Dave's Sports Views

Analysis, humor and opinion on the sports world

Location: Dallas, Texas, United States

Thursday, March 02, 2006

Why fear an uncapped year?

Today the NFL postponed the perceived Armageddon of not having a labor contract extension, by giving management and the players union three more days to negotiate.

What I'm wondering is: What's the big deal?

Yes, I realize that, absent an extension, 2007 will be an "uncapped year" for salaries, meaning teams can spend as much as they want and a handful of rich clubs will have a perceived competitive advantage. And yes, I realize that if a salary cap goes away for one year, it very likely might be gone for good.

I'm still not believing that's a bad thing.

Chris Mortensen was on ESPN Radio the other day talking about how the league has declined in quality because of the salary cap, because teams constantly have to turn over their rosters to meet the demands of the cap. And he's right.

The current contract includes not only a salary cap, but also a salary floor that teams must exceed. What often happens in that scenario is a team that needs to meet the minimum overpays for a player, or puts a franchise tag on a player, who really isn't worth the money. That, in turn, boosts the market for all players and drives other teams toward the cap.

Football is not a sport that lends itself to big contracts. Its players are more prone to injury than any sport, and that produces careers that average just more than three years. That same magic that turned the Rams and Ravens into Super Bowl champs in short order also blew up in the faces of teams who suffered major injuries. With the obnoxious signing bonuses that teams pay out to stay under the cap, players are getting a lot of money up front with little or no guarantee that they'll earn that money over the life of the contract.

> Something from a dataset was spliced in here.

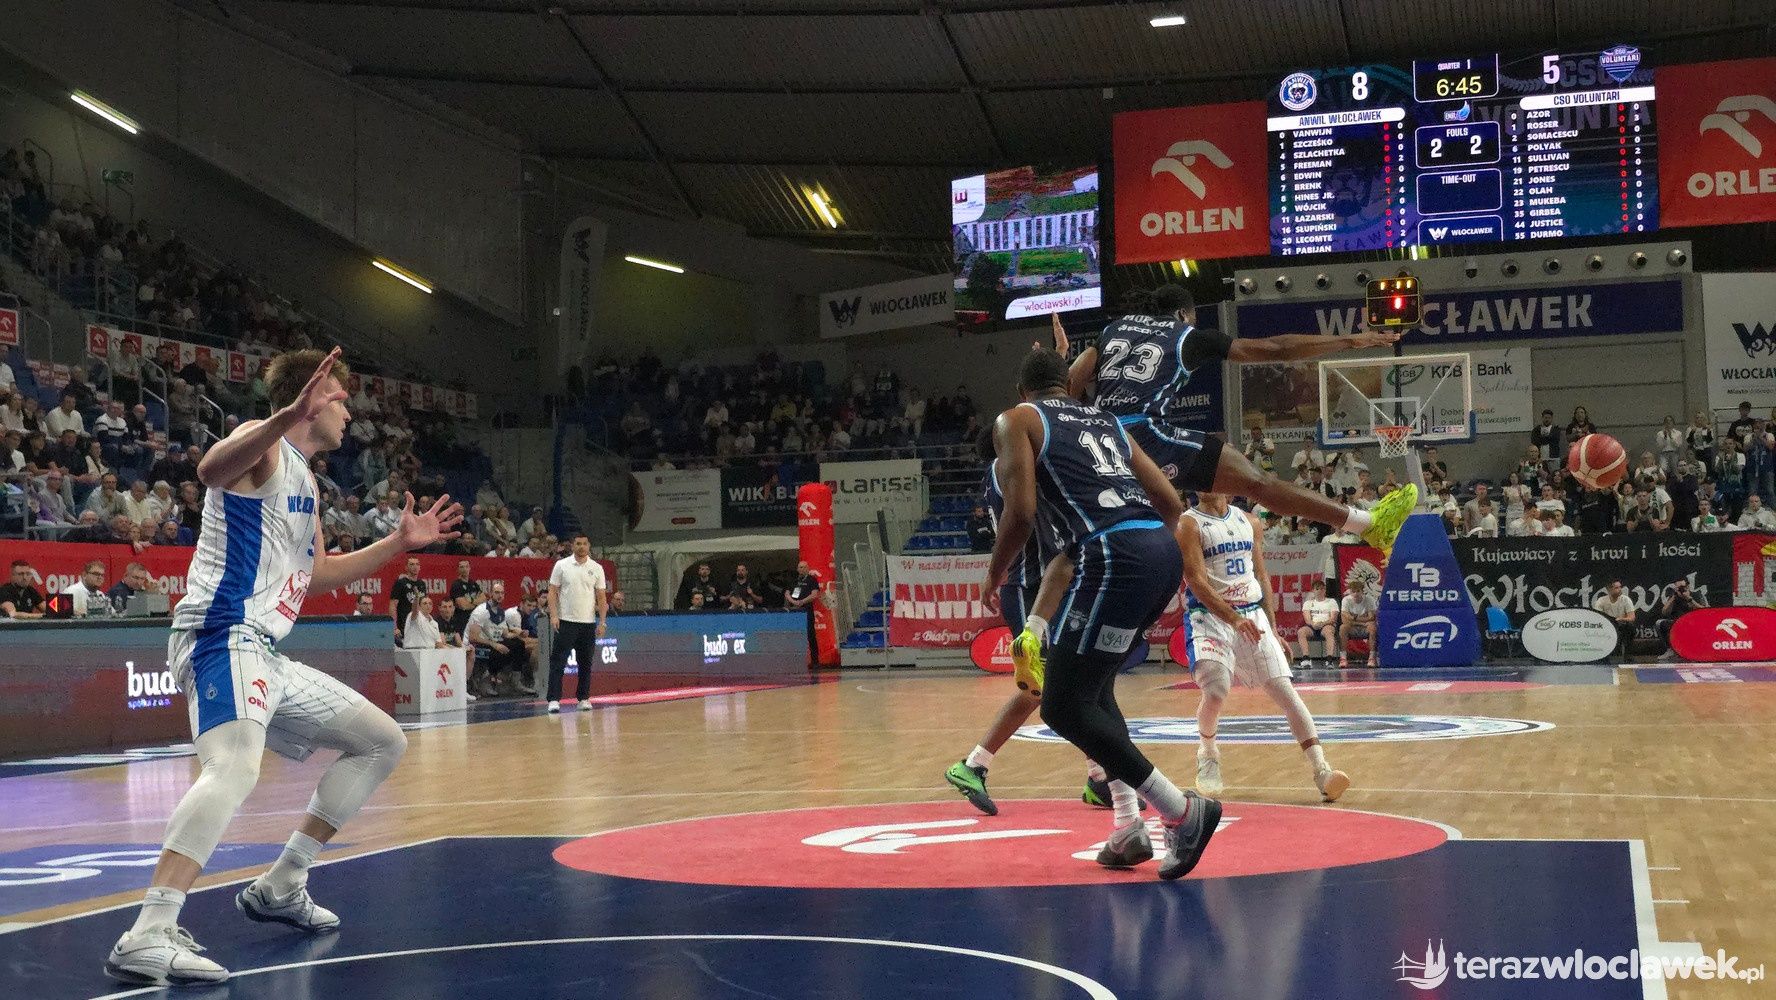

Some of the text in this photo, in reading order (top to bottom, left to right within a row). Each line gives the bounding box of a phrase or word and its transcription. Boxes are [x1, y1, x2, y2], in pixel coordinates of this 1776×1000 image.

Furthermore, as part of the deal to get the salary cap, the owners conceded a key element: free agency after four years. So just about the time a player has learned the league and become a key contributor to his team (if he stays healthy), he's free to go somewhere else. So much for developing your own talent.

I know it's a warm and fuzzy story that the Green Bay Packers can compete in the NFL in such a small community, where the fans literally own the team. But their success really doesn't have much to do with the salary cap. The NFL rakes in enough money that, with revenue sharing, there's plenty to go around. And beyond that, the Packers became a good team when Ron Wolf and Mike Holmgren remade the club that had been one of the worst in football for more than 20 years. They drafted or traded for nearly all of the key players, Reggie White being the most notable exception. And we all know that God told him to forsake more money elsewhere and sign with the Pack.

Look at some of the teams that are under the salary cap going into this year (this is as of today, if the cap doesn't move above the $94.5 million). Sure, there are some duds -- Arizona, Green Bay, Cleveland and San Francisco were four of the worst teams this year. But Jacksonville, which went 12-4, is nearly $17 million under the cap. Philadelphia, which struggled this year but had gone to four straight NFC title games, is also nearly $17 million under. San Diego, which has an impressive collection of talent, is nearly $20 million under. Seattle, a Super Bowl participant, is $12 million under.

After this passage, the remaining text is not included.